Dans les deux cas présentés plus haut (Fig.V.3etV.4), on constate que la protection a été mal dimensionnée, puisqu’a elle n’a pas supporté l’impact des fragments éjectés. Néanmoins, ces fragments ont été suffisamment ralentis pour que la tête optique derrière la protection n’ait pas été endommagée.

Des expériences spécifiques ont été réalisées afin de visualiser l’onde de choc que peuvent générer les impacts des éjectas sur une plaque de protection. Pour cela, un polissage optique a été effectué sur la tranche de plaques de polycarbonate servant à protéger la lentille achromatique du système VISAR, dans le but de pouvoir observer une éventuelle modification du matériau grâce au diagnostic de visualisation transverse.

La figure V.5 présente les observations réalisées lors de tirs effectués sur des cibles d’aluminium de 10 et 20 µm d’épaisseur (avec une seule acquisition par tir lors de cette

campagne, donc sans mesure de vitesse des éjectas). Le faisceau sonde est fourni par un laser continu, ce qui génère une figure de speckle dans le fond de l’image.

(a) (b)

(c) (d)

FIGUREV.5 – Visualisation transverse des fragments issus de cibles d’aluminium de 10 µm et 20 µm d’épaisseur soumises à des intensités laser de (b) 1,81, (c) 1,05 et (d) 1,79 TW/cm2. Les éjectas impactent une lame de polycarbonate de 3 mm d’épaisseur(à droite), dont les tranches sont polies.

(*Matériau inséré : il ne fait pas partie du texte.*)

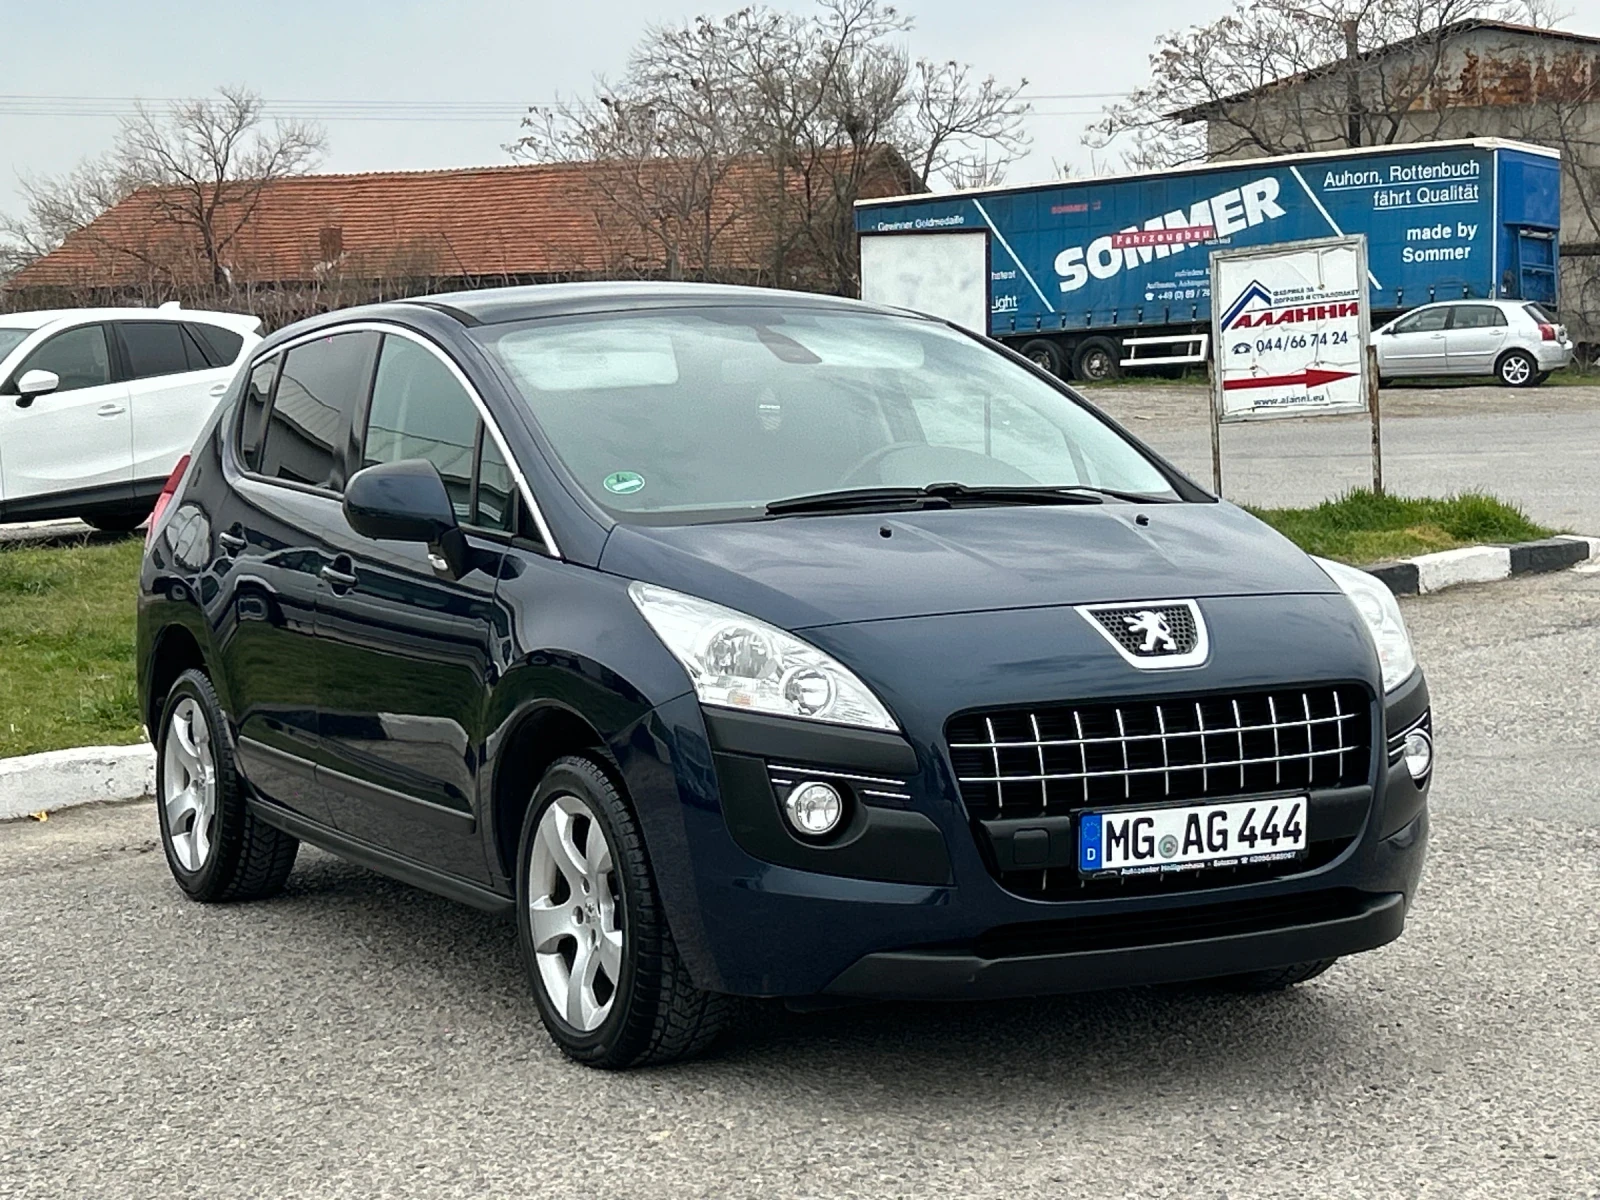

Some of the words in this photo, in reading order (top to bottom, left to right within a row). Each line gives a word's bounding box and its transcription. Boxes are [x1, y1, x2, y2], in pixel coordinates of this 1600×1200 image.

[1323, 170, 1383, 187] Auhorn,
[1390, 160, 1480, 181] Rottenbuch
[1373, 189, 1411, 207] fährt
[1417, 184, 1479, 203] Qualität
[1054, 177, 1286, 293] SOMMER
[1116, 229, 1211, 246] Fahrzeugbau
[1406, 223, 1452, 241] made
[1457, 222, 1478, 240] by
[1402, 245, 1471, 263] Sommer
[1231, 302, 1359, 330] АЛАННИ
[1256, 335, 1306, 352] 044/66
[1310, 333, 1328, 346] 74
[1331, 331, 1348, 345] 24
[1105, 817, 1155, 862] MG
[1182, 810, 1228, 855] AG
[1237, 803, 1302, 849] 444
[1086, 847, 1096, 861] D
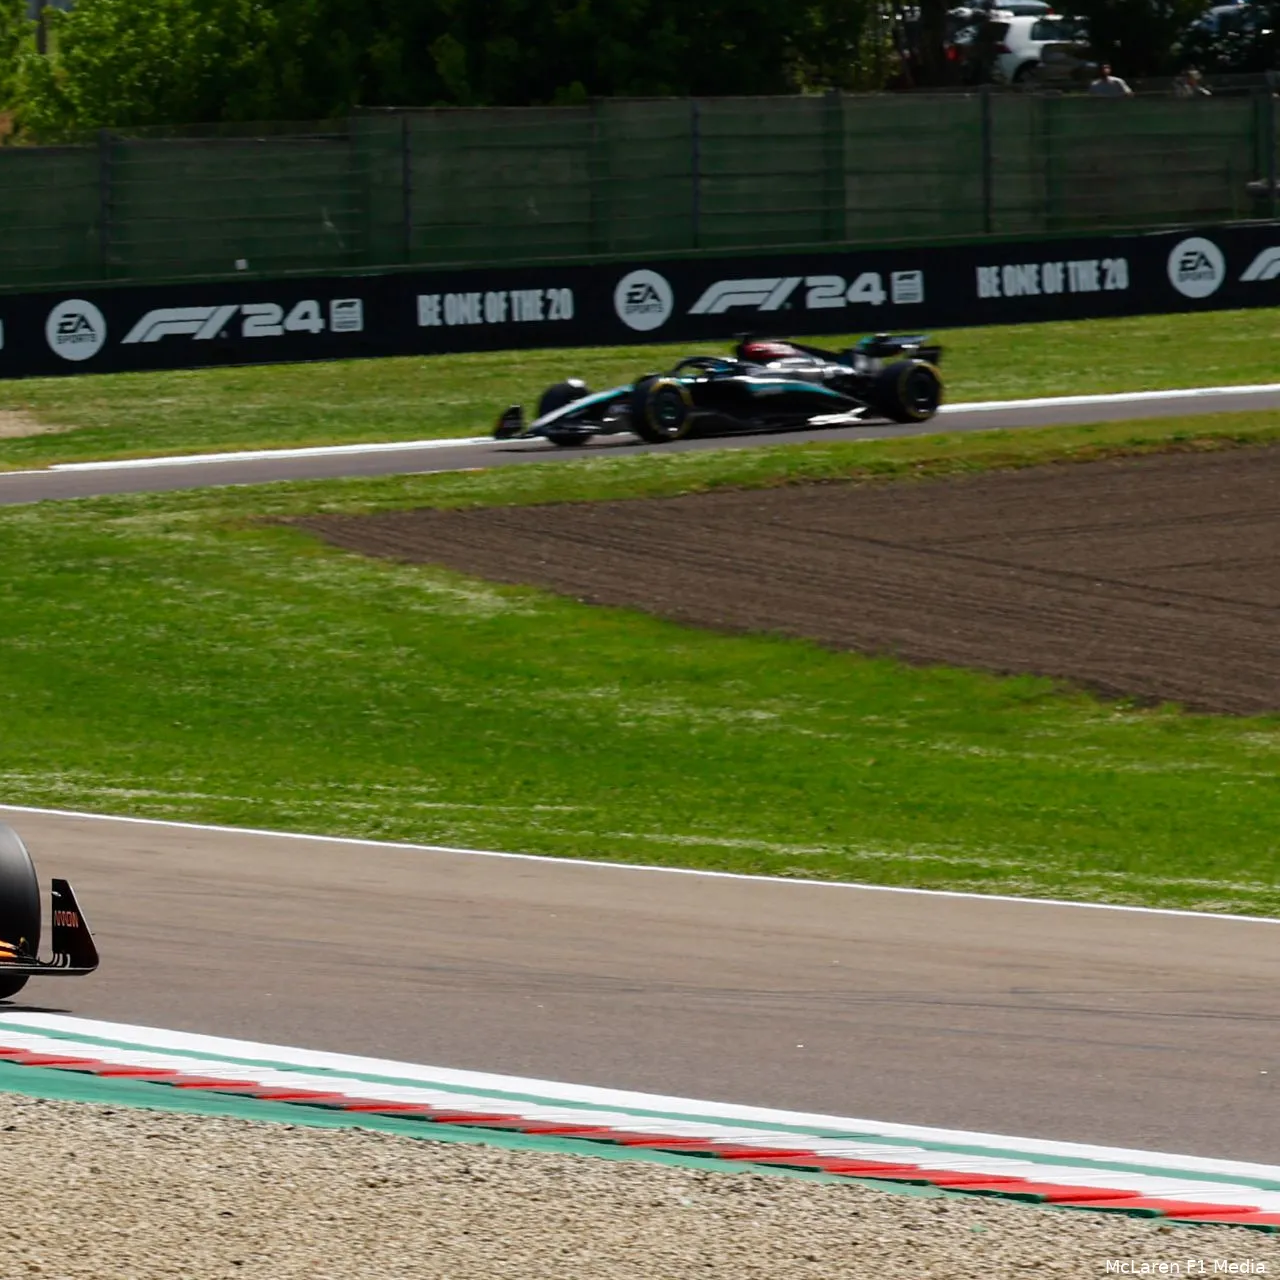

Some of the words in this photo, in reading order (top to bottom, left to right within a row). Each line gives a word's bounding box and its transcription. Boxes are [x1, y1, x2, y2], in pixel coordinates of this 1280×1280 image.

La visualisation de référence au temps initial (Fig.V.5(a)) montre que le polissage optique réalisé sur la tranche permet effectivement de voir à travers le matériau sur toute la profondeur dans la direction transverse (10 mm). La distance initiale entre la surface libre de la cible (à gauche) et la surface du polycarbonate est de 5 mm.

Pour les trois expériences, la visualisation met en évidence la pénétration des fragments sous la surface du polycarbonate, ainsi que des ondes de choc produites par l’impact. En effet, la modification de densité du polycarbonate due à la variation de pression entraîne un changement de l’indice optique qui se répercute dans la transmission du faisceau sonde.

Ainsi, dans la figure V.5(b) on peut observer la propagation d’une onde de compression approximativement sphérique, matérialisée par des zones plus lumineuses en arcs de cercle centrés sur la zone d’impact des fragments. Dans la figureV.5(c), l’onde de choc a atteint la face arrière de la plaque de polycarbonate, et elle se réfléchit en une onde de détente. La traction induite dans le matériau entraîne une diminution de la transmission du faisceau sonde, donc

l’effet inverse de la compression. Enfin dans la figureV.5(d), l’onde de détente est entièrement formée et se propage vers la face avant.

Dans des géométries plus complexes, de telles visualisations pourraient aider à comprendre les interactions d’ondes dans les plaques de protection, expliquer des ruptures ou une fragilisation, avec un rôle possible des fixations de ces plaques dans leur support.